Als ich mich meiner unmittelbaren Nachbarin nach dem Einzug vorstellte,
brachte ich ihr eines von meinen Büchern als Gastgeschenk mit. »Danke«,
sagte sie, »ich stell’s gleich zu dem andern.«
In der Schrankwand befand sich, Frontseite zum Betrachter und von zwei
mächtigen Halbedelsteinen bekränzt, ein Bildband über »100 Jahre Daimler-Benz«. Das war »das andere« Buch. Zur Zerstreuung dient in diesem
Haus eine Stereoanlage, die indes kaum benutzt wird, und ein riesiger Bildschirm, der den ganzen Tag lang eingeschaltet ist, ganz gleich, ob jemand
zusieht oder nicht.
Die beiden Töchter der Familie waren nie mit einem Buch als Lesestoff in Berührung gekommen, bevor sie in der Schule ein solches kennen
lernten.
Glauben Sie nicht, dass es sich hierbei um eine Ausnahme handelt,
dass es dies nicht gibt in Familien, deren Kinder das Gymnasium besuchen;
bücherlos oder fast bücherlos leben auch Kinder in Akademikerfamilien.
Als puren Zwang empfinden viele von ihnen die Schullektüren, mühsam
quälen sie sich durch die für ihr Studium benötigte Fachliteratur. In ihrer
Freizeit spielen sie Squash oder Golf, Lesen bleibt für sie ein Leben lang
Arbeit, geht über das Diners-Club-Magazin oder den »Focus« nicht hinaus.

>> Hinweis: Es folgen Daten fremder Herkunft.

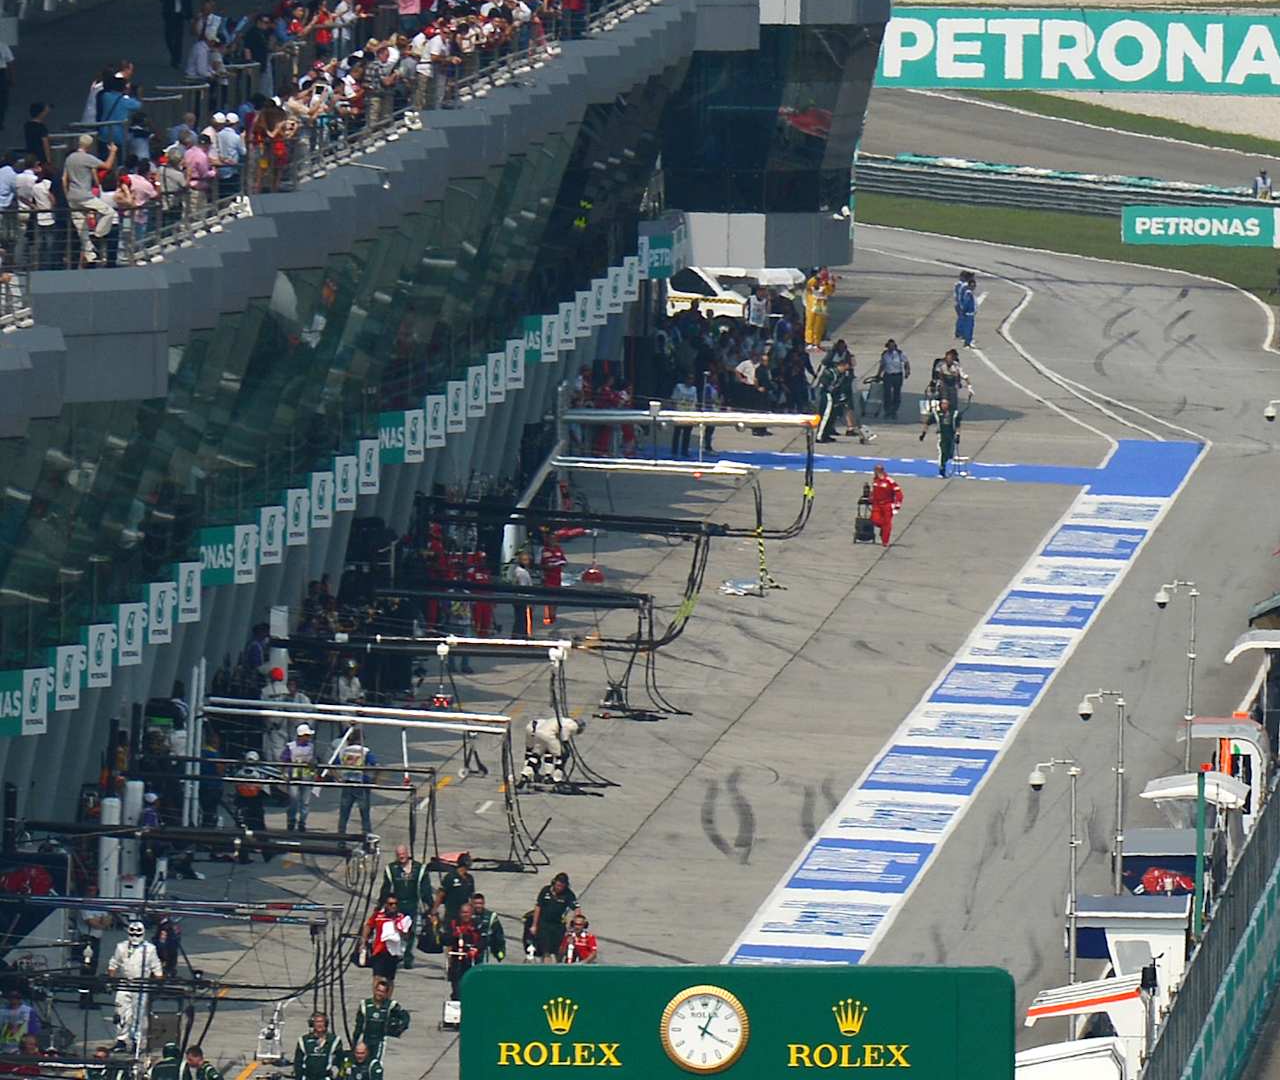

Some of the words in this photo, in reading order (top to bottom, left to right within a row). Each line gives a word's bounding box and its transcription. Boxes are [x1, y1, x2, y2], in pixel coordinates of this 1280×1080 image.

[1135, 216, 1261, 238] PETRONAS
[497, 1042, 622, 1067] ROLEX
[787, 1043, 911, 1068] ROLEX

So wie sie keine Leseimpulse bekommen haben, geben sie auch keine an
ihre Kinder weiter.
2. Mit Mama ins Erlebnisbad, mit Papa auf die Sommerrodelbahn – aber wer erzählt noch Geschichten?
Ein Großteil unserer Kinder fährt Ski oder Snowboard, von Kindesbeinen
an: Im Wintersportort Saalbach etwa beginnen die Kurse ab drei Jahren.
Eine Fülle von Freizeitangeboten lockt, Bäder, in denen man sich einen
ganzen Sonntag lang wie in den Tropen fühlen kann, Freizeitzentren,
Sommerrodelbahnen, dazu hochtechnisiertes Spielzeug, Skateboards,
Mountainbikes usw., usw. In den meisten Häusern befinden sich Computer
mit Internetanschluss, Fernsehgeräte mit vierzig Programmen.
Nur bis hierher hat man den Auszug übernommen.